(Beginning of The data)
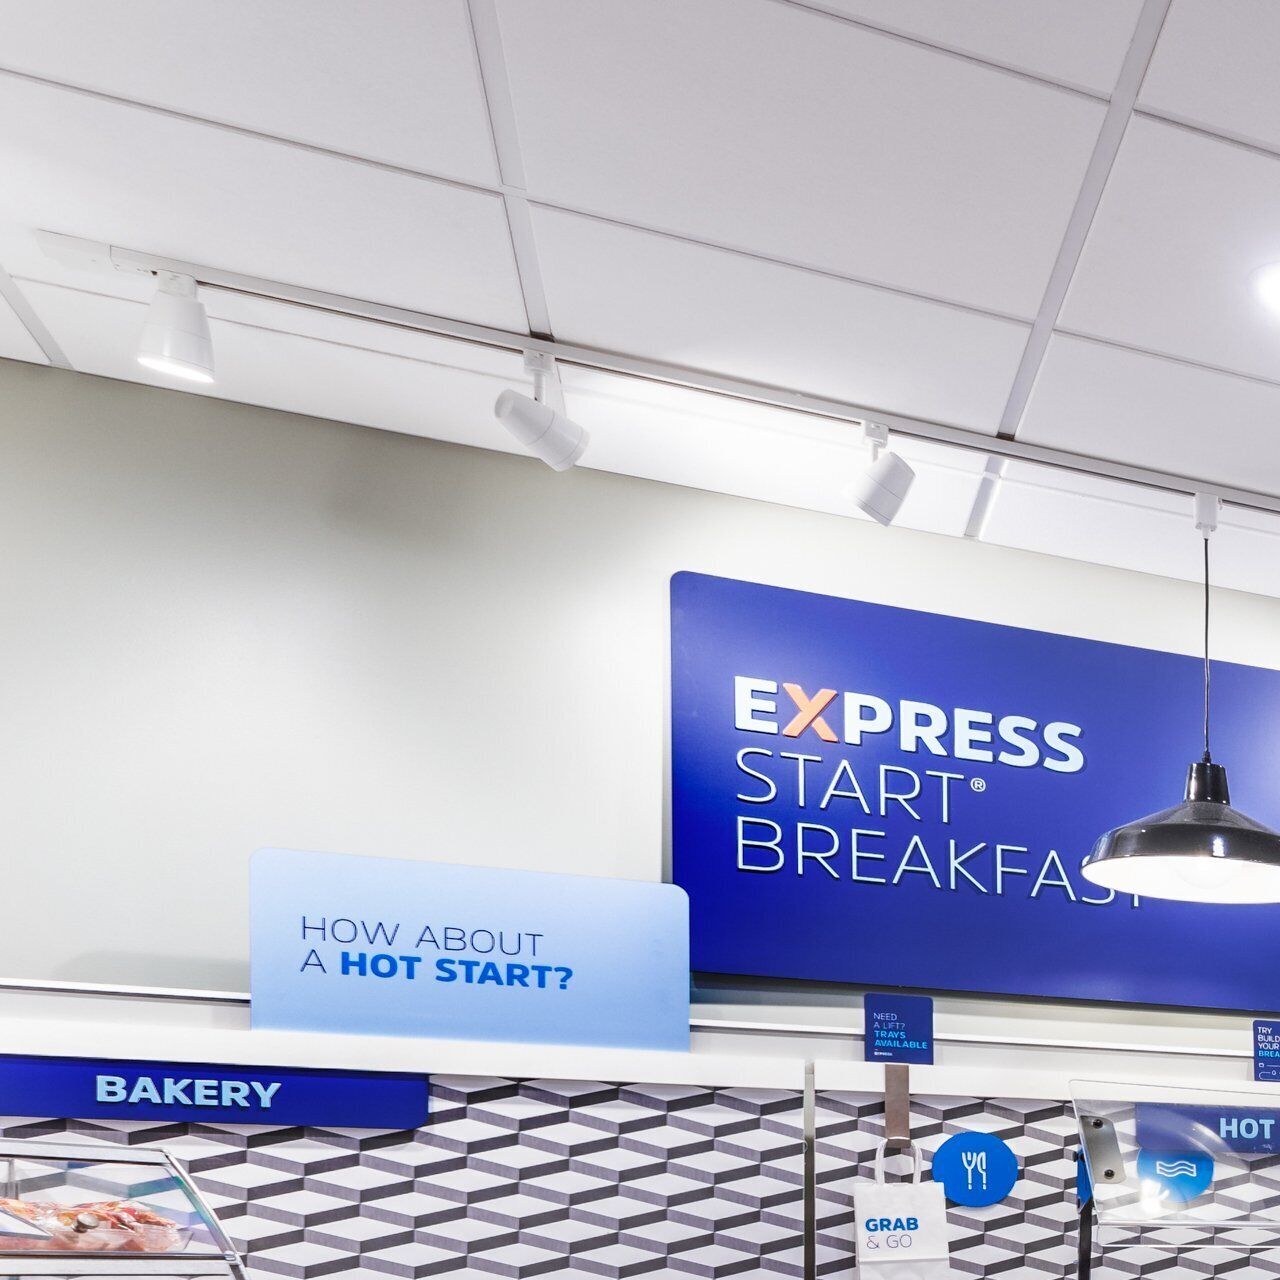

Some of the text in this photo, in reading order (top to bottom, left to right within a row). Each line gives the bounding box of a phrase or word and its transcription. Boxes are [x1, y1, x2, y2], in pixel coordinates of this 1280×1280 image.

[733, 675, 1085, 774] EXPRESS
[301, 915, 544, 956] HOW ABOUT
[300, 949, 574, 991] A HOT START?
[873, 1012, 898, 1021] NEED
[873, 1021, 881, 1029] A
[1257, 1026, 1273, 1035] TRY
[874, 1030, 907, 1039] TRAYS
[874, 1039, 928, 1050] AVAILABLE
[1257, 1042, 1280, 1050] YOUR
[95, 1074, 282, 1108] BAKERY
[1219, 1117, 1275, 1140] HOT
[865, 1217, 919, 1232] GRAB
[866, 1233, 912, 1249] & GO
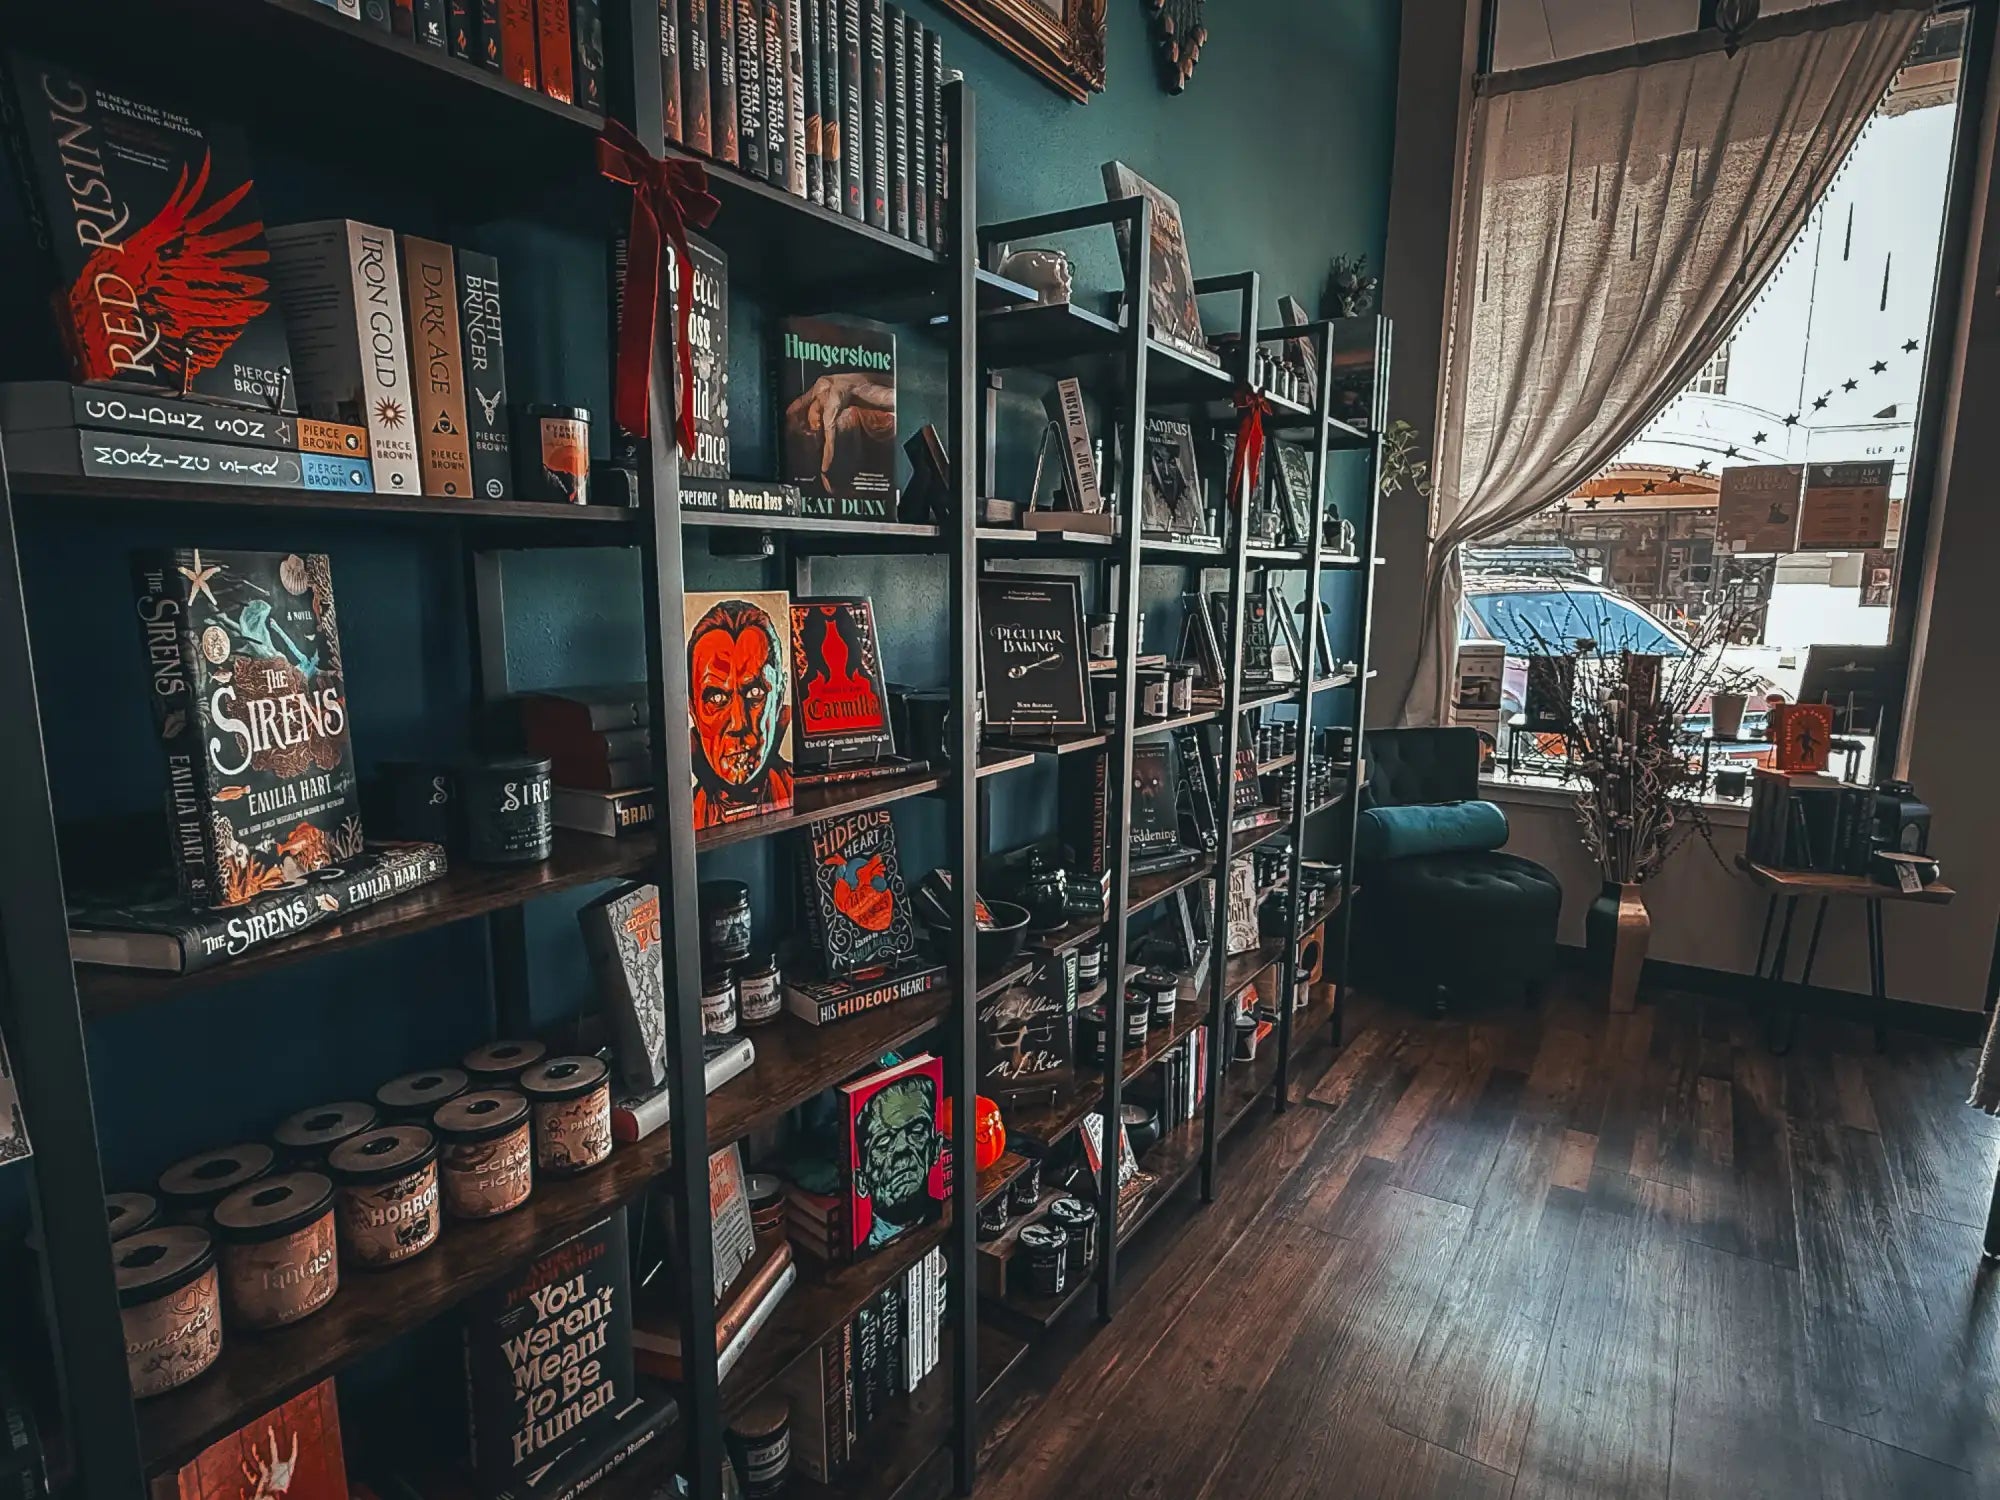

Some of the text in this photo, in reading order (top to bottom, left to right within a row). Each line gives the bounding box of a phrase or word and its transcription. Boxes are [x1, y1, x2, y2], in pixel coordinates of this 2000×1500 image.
(End of The data)
**How to complete this task:** When you copy the listing above, reproduce every line exactly and skip the images.

**Answer for this exercise:**
Some of the text in this photo, in reading order (top to bottom, left to right within a row). Each line gives the bounding box of a phrase or word and its transcription. Boxes are [x1, y1, x2, y2], in pixel coordinates of this 1280×1280 image.

[733, 675, 1085, 774] EXPRESS
[301, 915, 544, 956] HOW ABOUT
[300, 949, 574, 991] A HOT START?
[873, 1012, 898, 1021] NEED
[873, 1021, 881, 1029] A
[1257, 1026, 1273, 1035] TRY
[874, 1030, 907, 1039] TRAYS
[874, 1039, 928, 1050] AVAILABLE
[1257, 1042, 1280, 1050] YOUR
[95, 1074, 282, 1108] BAKERY
[1219, 1117, 1275, 1140] HOT
[865, 1217, 919, 1232] GRAB
[866, 1233, 912, 1249] & GO

Some of the text in this photo, in reading order (top to bottom, left to right within a row). Each line gives the bounding box of a phrase or word and its transcription. Boxes are [x1, y1, x2, y2], in pixel coordinates of this 2000×1500 image.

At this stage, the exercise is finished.